TASK PROMPT: I would like the records restated word for word, without the pictures.

[Stored data entries]
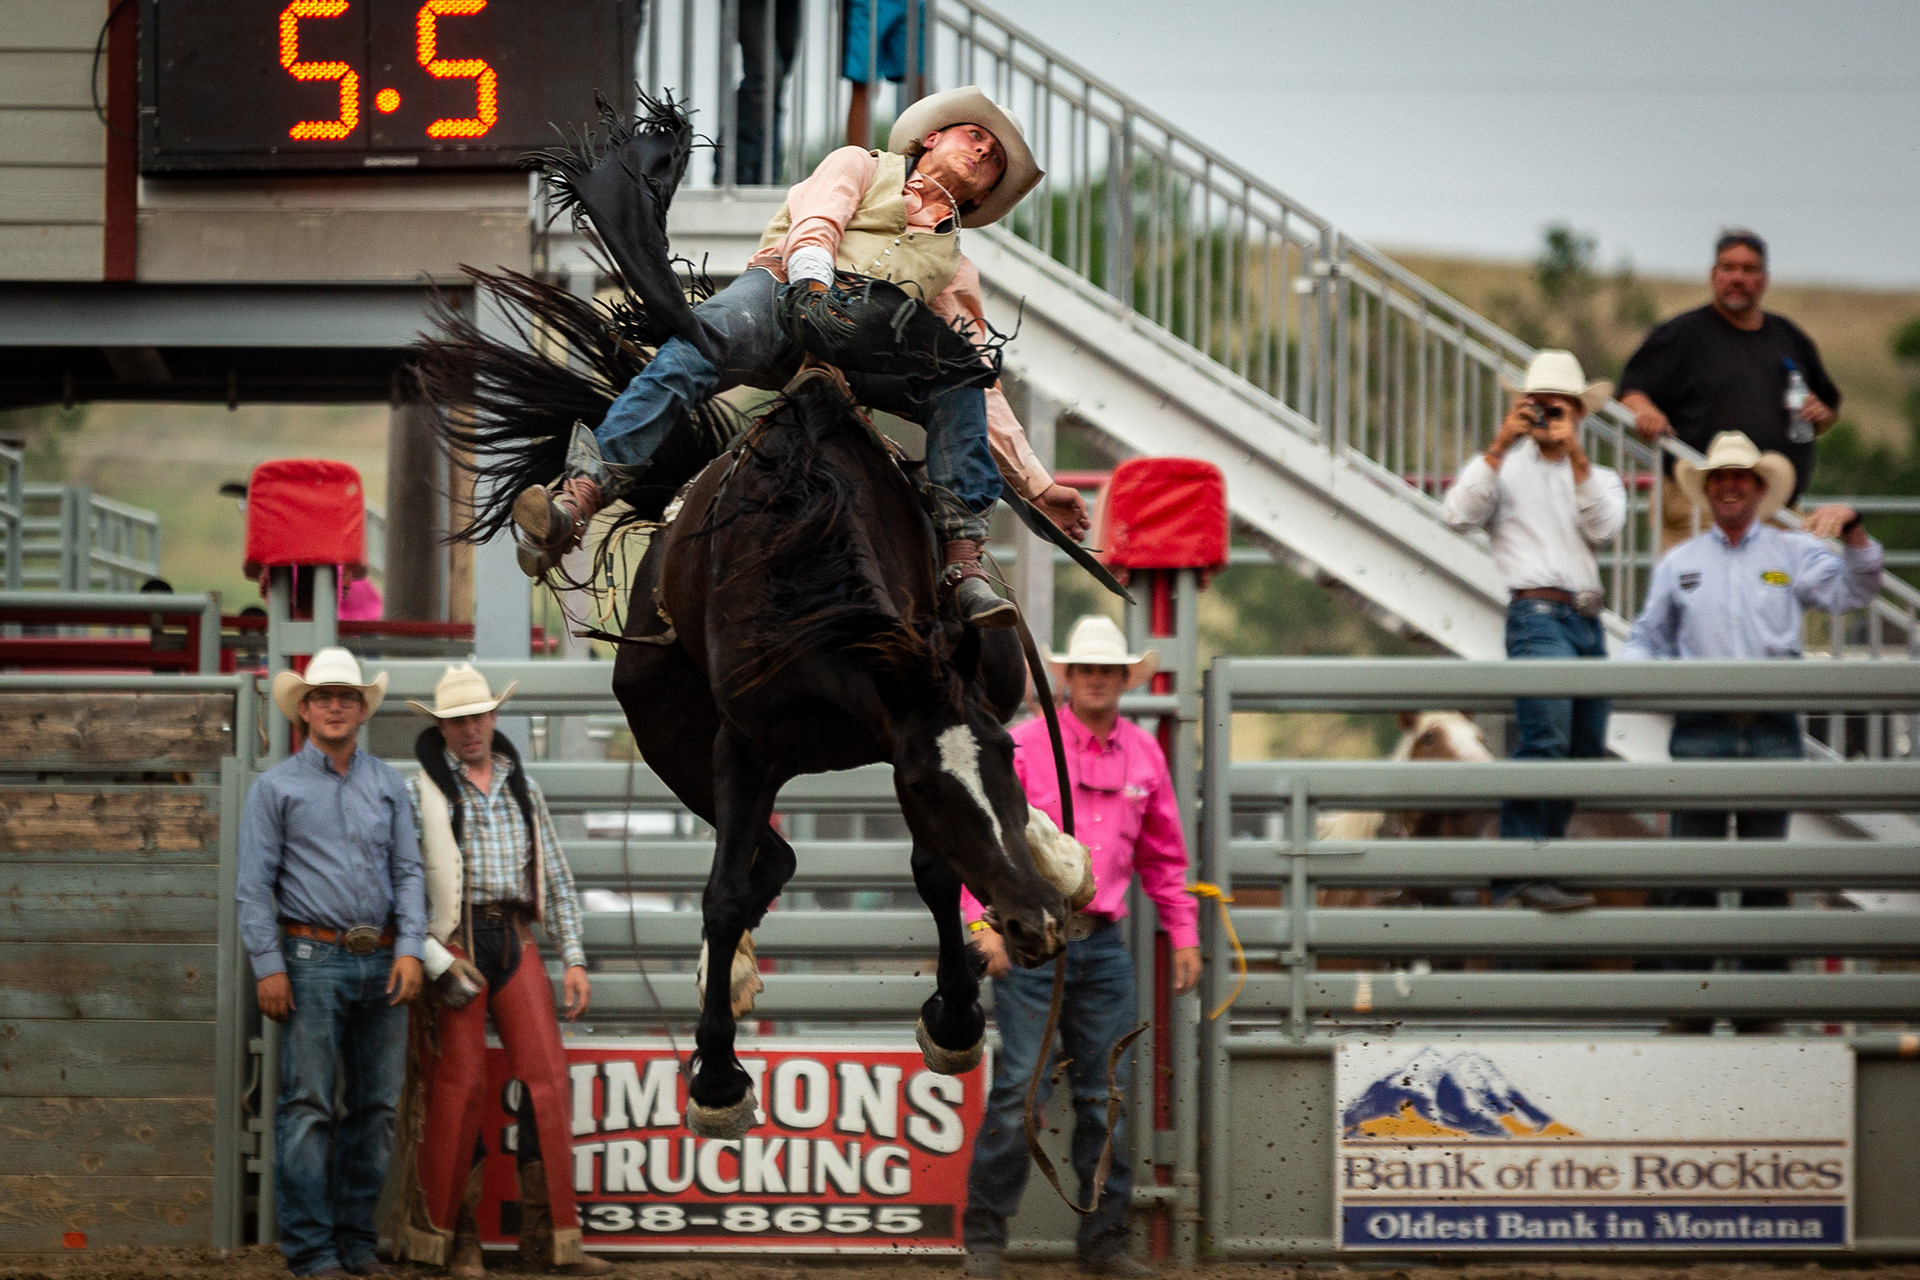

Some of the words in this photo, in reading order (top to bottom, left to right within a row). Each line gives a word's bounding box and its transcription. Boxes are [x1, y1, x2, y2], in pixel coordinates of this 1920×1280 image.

[279, 0, 498, 141] 5.5
[502, 1058, 965, 1154] IMONS
[570, 1137, 911, 1196] TRUCKING
[1343, 1153, 1488, 1190] Bank
[1495, 1157, 1543, 1190] of
[1550, 1159, 1619, 1190] the
[1632, 1152, 1844, 1190] Rockies
[576, 1205, 923, 1233] 38-8655
[1367, 1212, 1488, 1239] Oldest
[1496, 1212, 1598, 1238] Bank
[1606, 1211, 1643, 1238] in
[1656, 1212, 1823, 1239] Montana
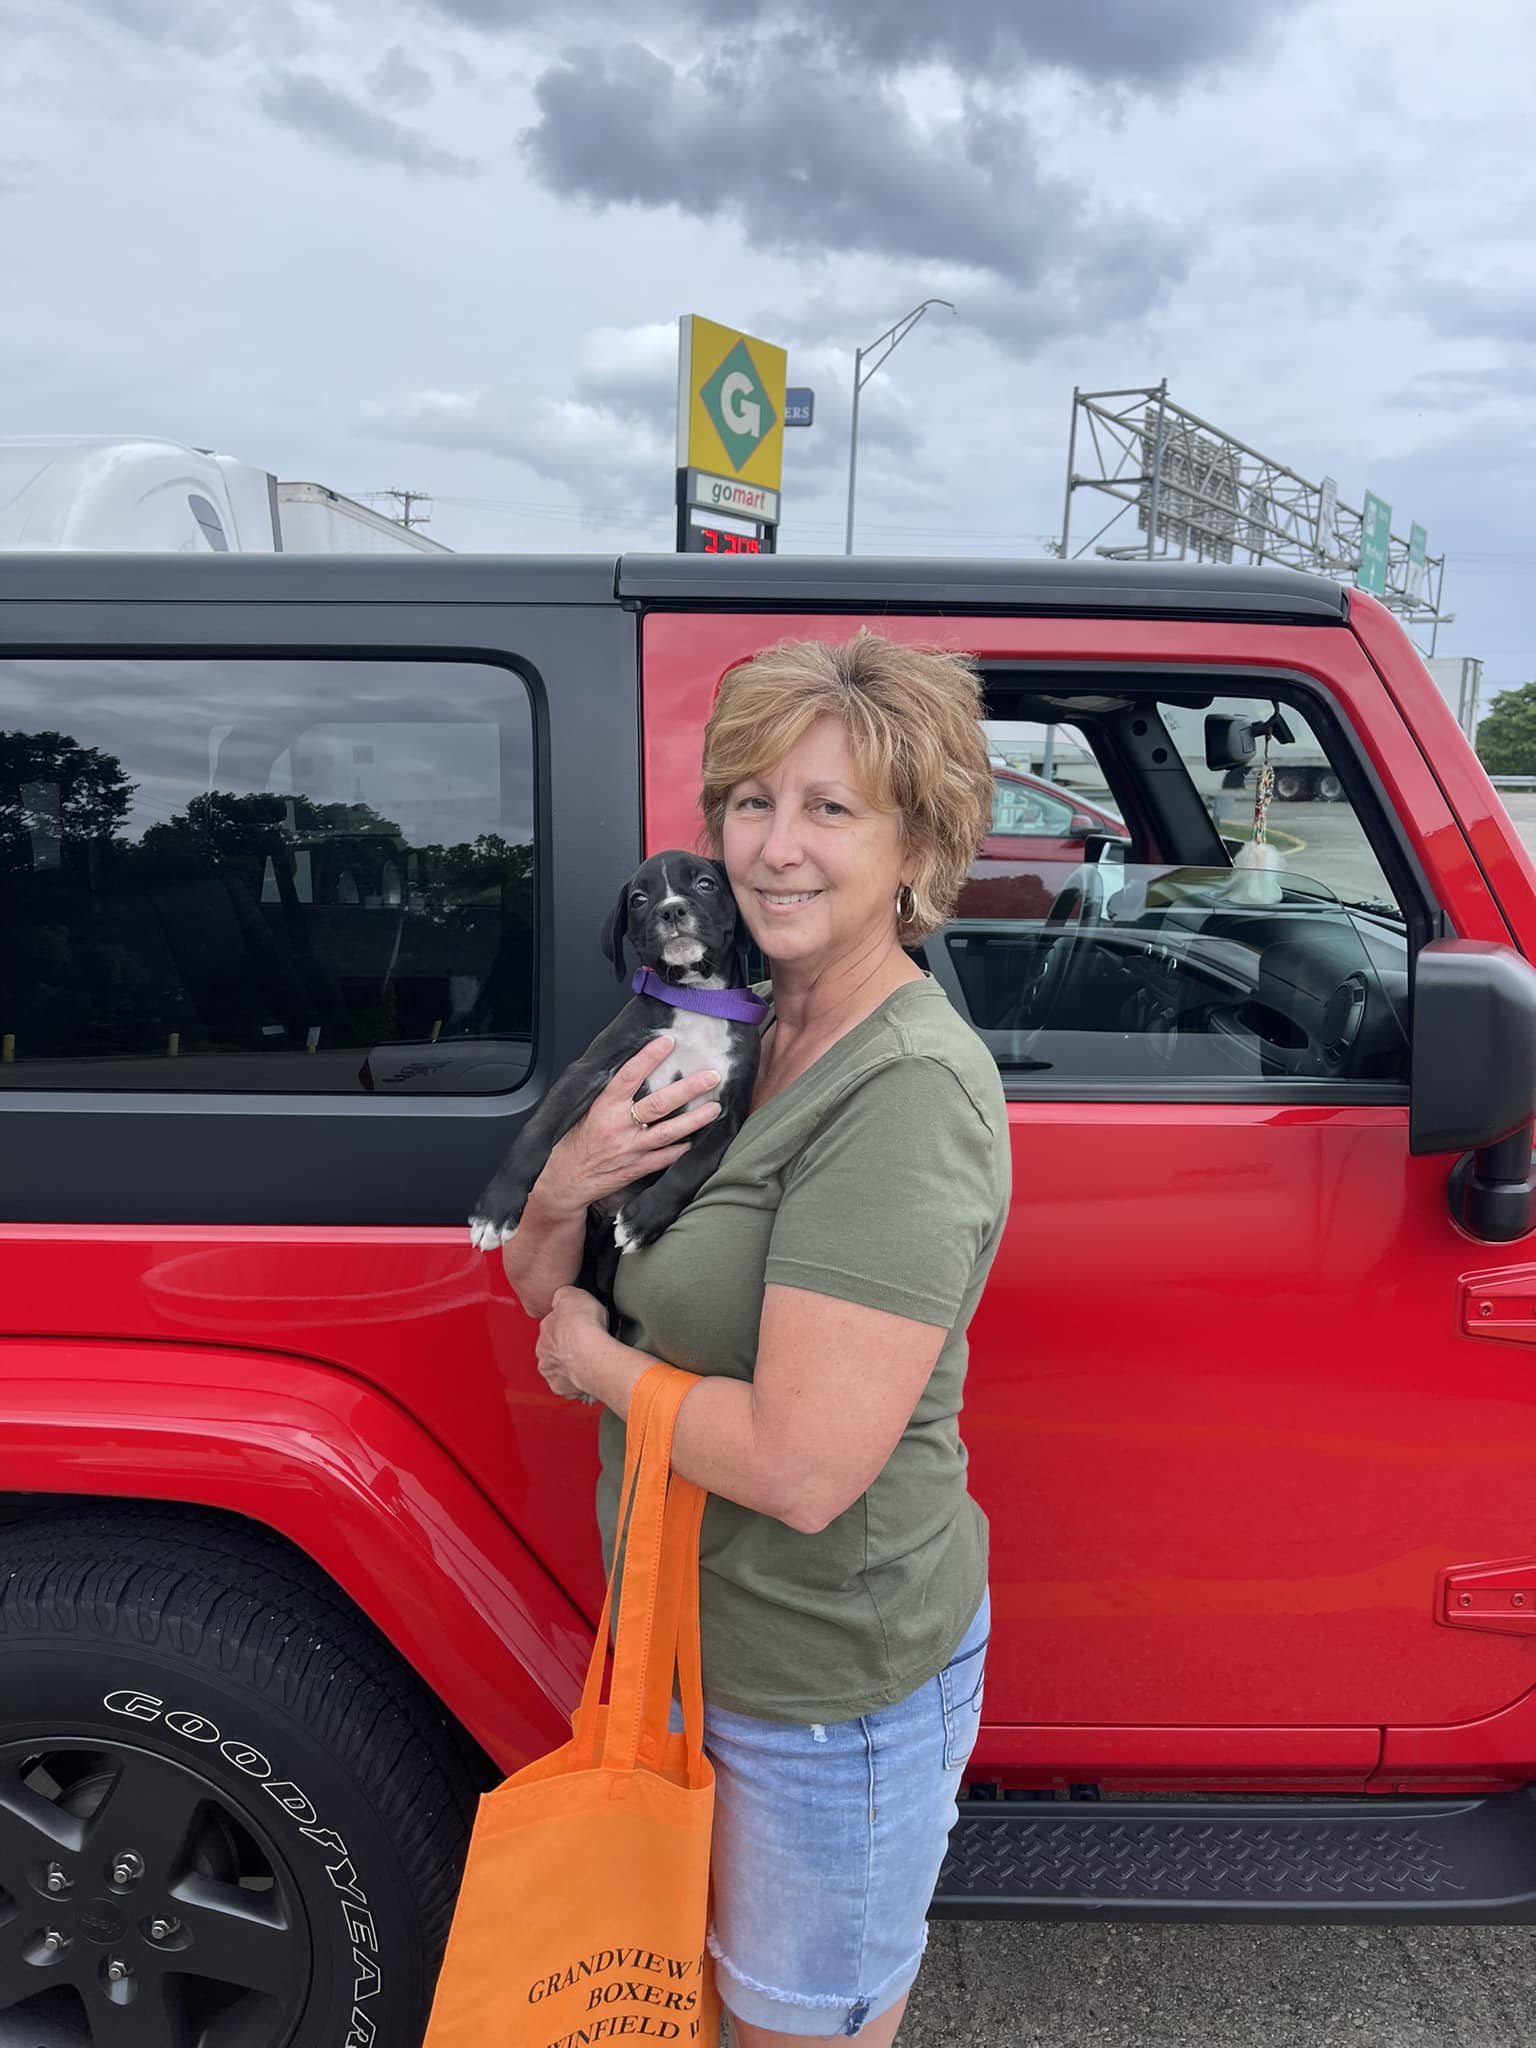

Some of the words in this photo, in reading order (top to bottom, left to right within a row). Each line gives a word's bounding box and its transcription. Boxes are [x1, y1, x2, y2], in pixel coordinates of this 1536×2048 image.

[721, 371, 761, 438] G
[712, 482, 766, 511] gomart
[104, 1690, 381, 2048] GOODYEAR
[528, 1948, 693, 2004] GRANDVIEW
[586, 1981, 697, 2012] BOXERS

EXERCISE RESULT:
Some of the words in this photo, in reading order (top to bottom, left to right within a row). Each line gives a word's bounding box and its transcription. Boxes are [x1, y1, x2, y2], in pixel coordinates of this 1920×1280 image.

[279, 0, 498, 141] 5.5
[502, 1058, 965, 1154] IMONS
[570, 1137, 911, 1196] TRUCKING
[1343, 1153, 1488, 1190] Bank
[1495, 1157, 1543, 1190] of
[1550, 1159, 1619, 1190] the
[1632, 1152, 1844, 1190] Rockies
[576, 1205, 923, 1233] 38-8655
[1367, 1212, 1488, 1239] Oldest
[1496, 1212, 1598, 1238] Bank
[1606, 1211, 1643, 1238] in
[1656, 1212, 1823, 1239] Montana

Some of the words in this photo, in reading order (top to bottom, left to right within a row). Each line gives a word's bounding box and its transcription. Boxes are [x1, y1, x2, y2], in pixel coordinates of this 1536×2048 image.

[721, 371, 761, 438] G
[712, 482, 766, 511] gomart
[104, 1690, 381, 2048] GOODYEAR
[528, 1948, 693, 2004] GRANDVIEW
[586, 1981, 697, 2012] BOXERS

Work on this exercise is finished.